## DATA SUPPLIED
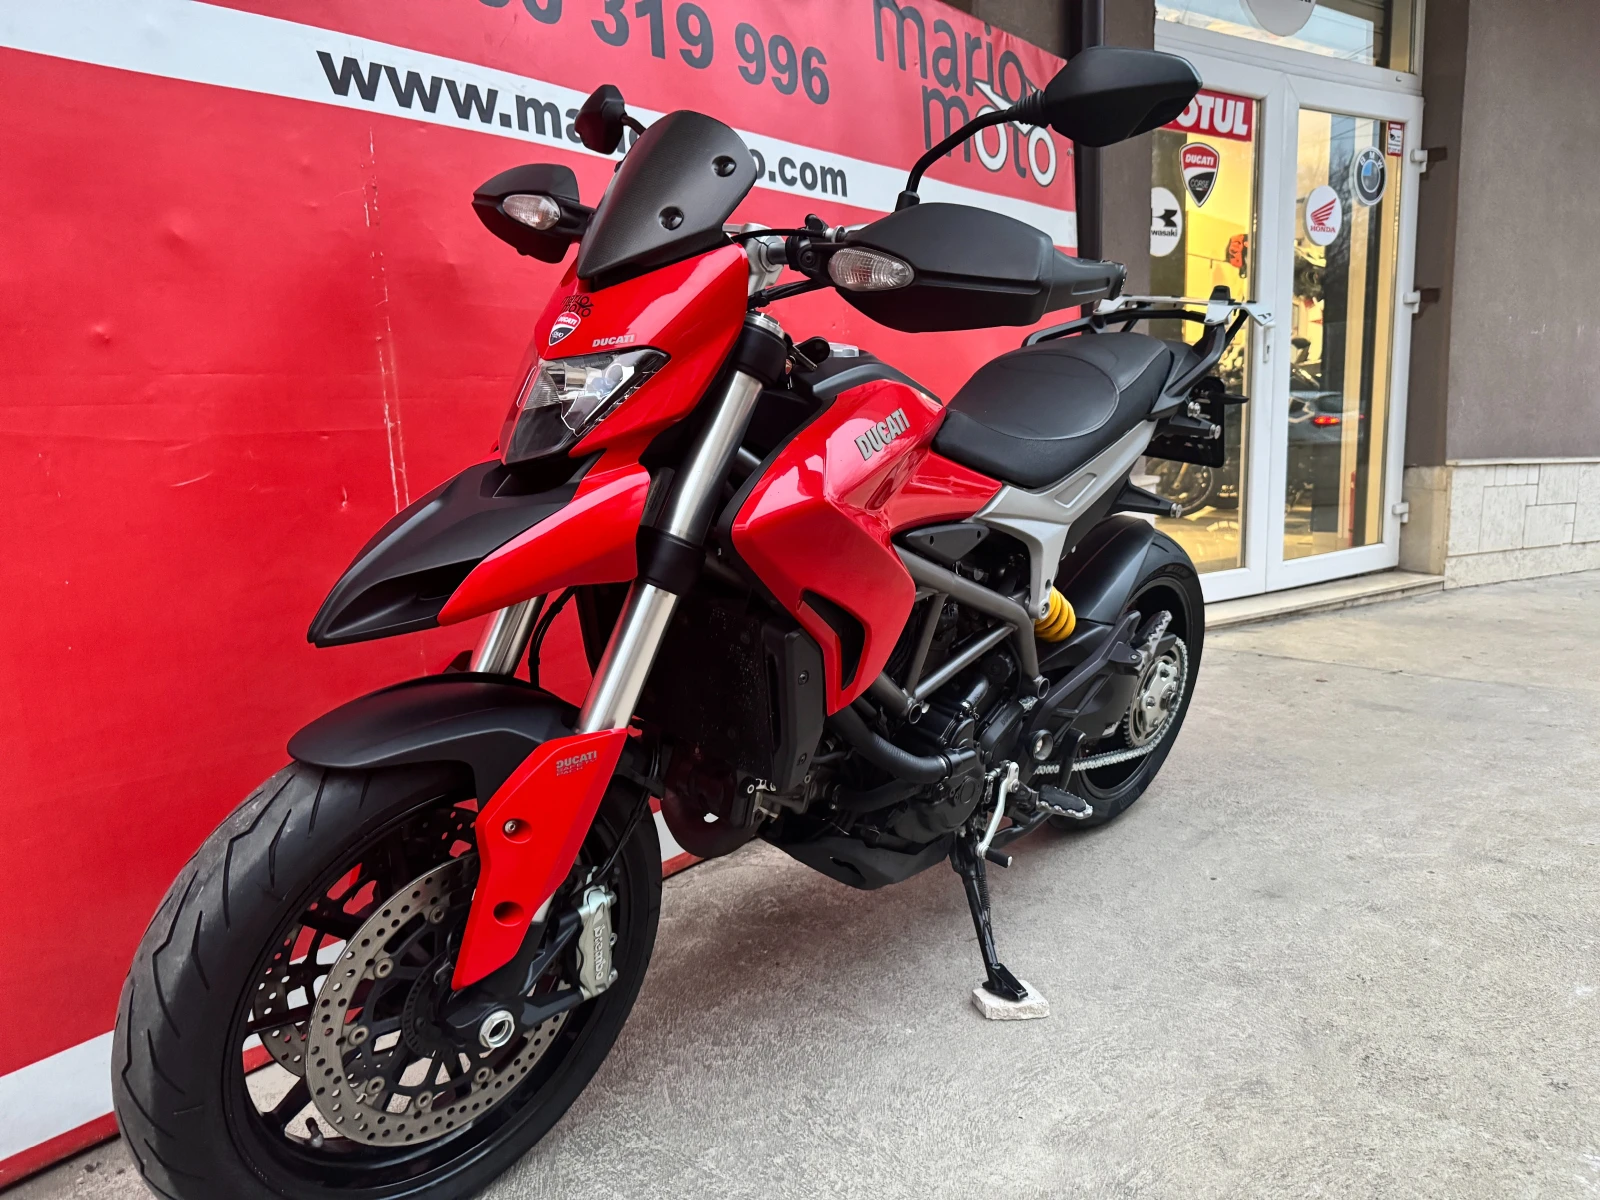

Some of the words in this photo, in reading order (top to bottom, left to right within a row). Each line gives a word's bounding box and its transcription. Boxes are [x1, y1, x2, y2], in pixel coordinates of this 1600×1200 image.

[590, 0, 713, 69] 319
[734, 22, 830, 105] 996
[873, 0, 1029, 105] mario
[1168, 94, 1248, 137] OTUL
[921, 85, 1057, 187] moto
[1185, 153, 1215, 166] DUCATI
[1359, 151, 1384, 170] BMW
[1190, 178, 1210, 189] CORSE
[1151, 228, 1178, 237] wasaki
[1310, 225, 1336, 234] HONDA
[592, 334, 635, 347] DUCATI
[854, 407, 911, 461] DUCATI
[556, 750, 598, 769] DUCATI
[594, 923, 606, 981] brembo
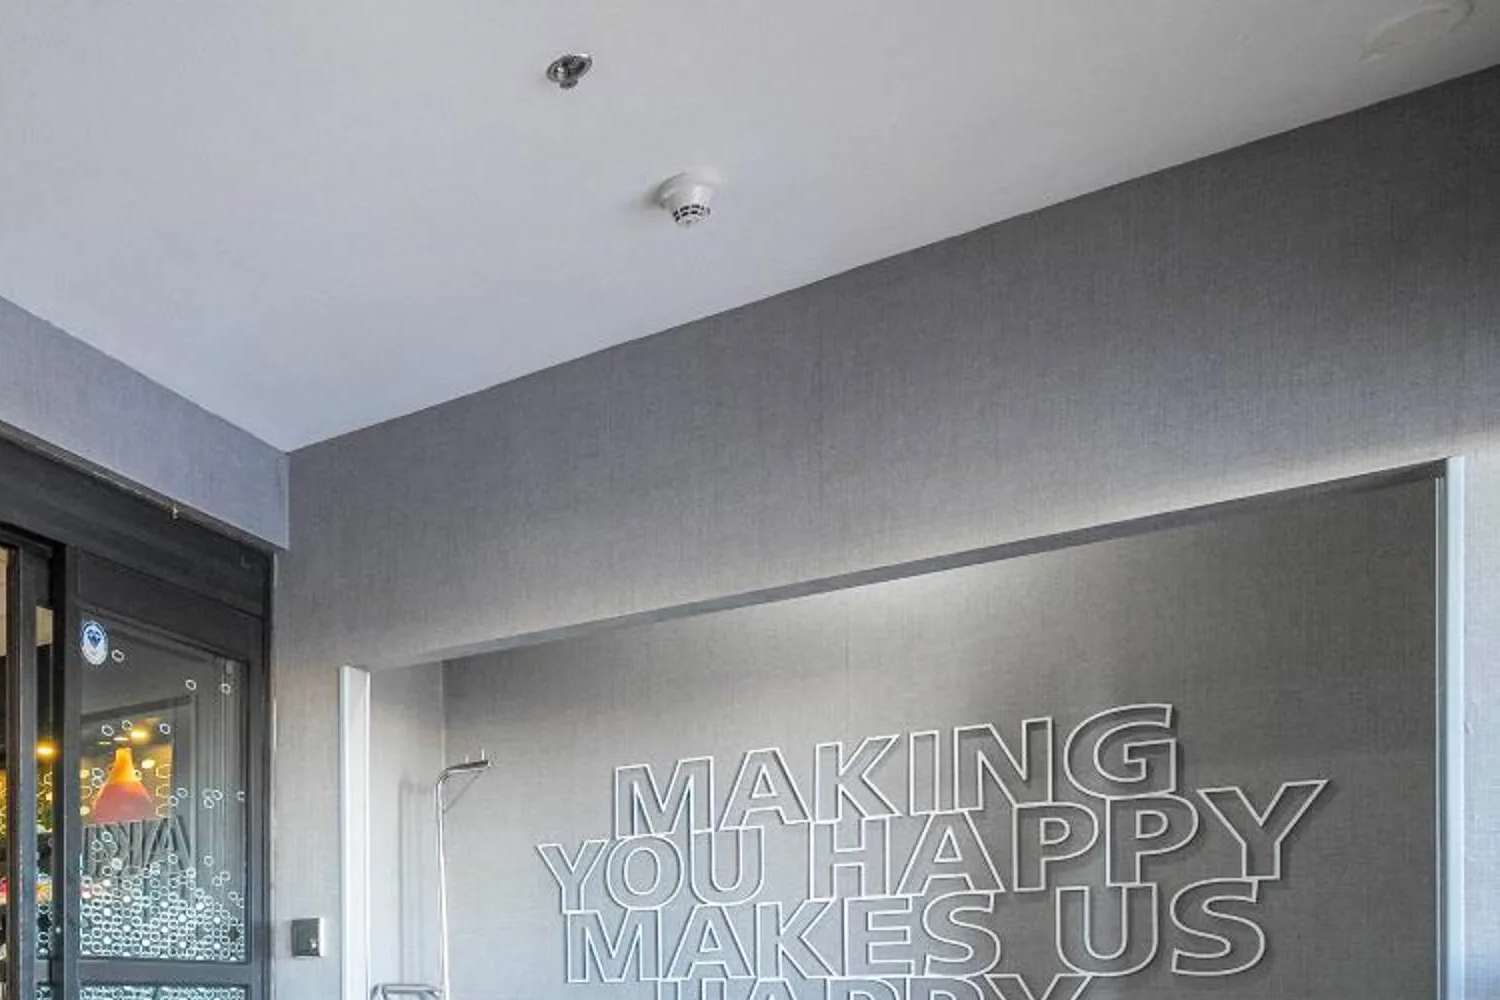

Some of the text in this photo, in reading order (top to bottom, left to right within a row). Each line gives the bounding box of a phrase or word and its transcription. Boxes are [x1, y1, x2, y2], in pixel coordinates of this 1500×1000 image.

[614, 702, 1179, 839] MAKING
[535, 778, 1330, 912] YOU HAPPY
[565, 877, 1267, 983] MAKES US
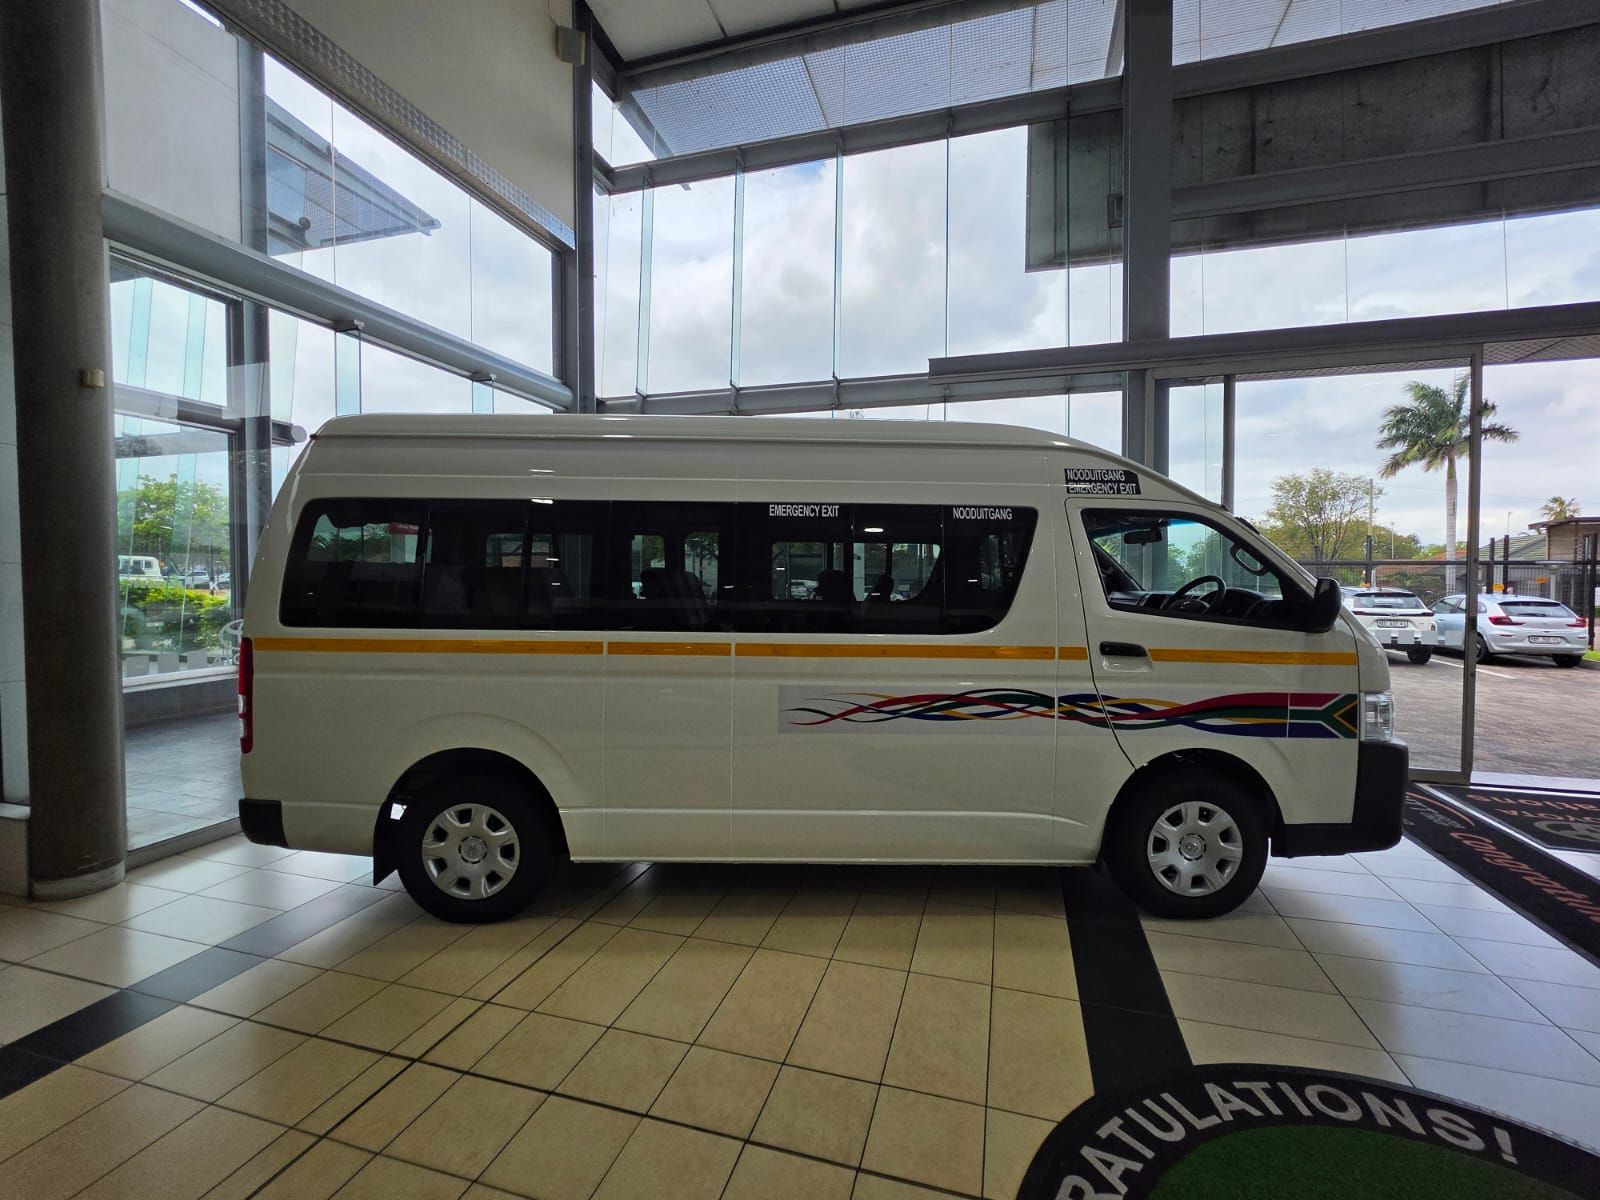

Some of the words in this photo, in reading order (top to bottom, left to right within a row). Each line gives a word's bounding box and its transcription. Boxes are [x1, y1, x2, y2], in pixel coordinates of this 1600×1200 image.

[1067, 469, 1126, 481] NOODUITGANG
[1068, 482, 1118, 494] EMERGENCY
[1119, 483, 1137, 494] EXIT
[769, 504, 820, 517] EMERGENCY
[821, 505, 840, 518] EXIT
[953, 507, 1012, 520] NOODUITGANG

## REQUIRED ACTION
A word-for-word copy is required of the lines above from the line with "Some of the text" through the last line of the data; no other lines and no pictures belong in it.

## ANSWER
Some of the text in this photo, in reading order (top to bottom, left to right within a row). Each line gives the bounding box of a phrase or word and its transcription. Boxes are [x1, y1, x2, y2], in pixel coordinates of this 1500×1000 image.

[614, 702, 1179, 839] MAKING
[535, 778, 1330, 912] YOU HAPPY
[565, 877, 1267, 983] MAKES US

Some of the words in this photo, in reading order (top to bottom, left to right within a row). Each line gives a word's bounding box and its transcription. Boxes are [x1, y1, x2, y2], in pixel coordinates of this 1600×1200 image.

[1067, 469, 1126, 481] NOODUITGANG
[1068, 482, 1118, 494] EMERGENCY
[1119, 483, 1137, 494] EXIT
[769, 504, 820, 517] EMERGENCY
[821, 505, 840, 518] EXIT
[953, 507, 1012, 520] NOODUITGANG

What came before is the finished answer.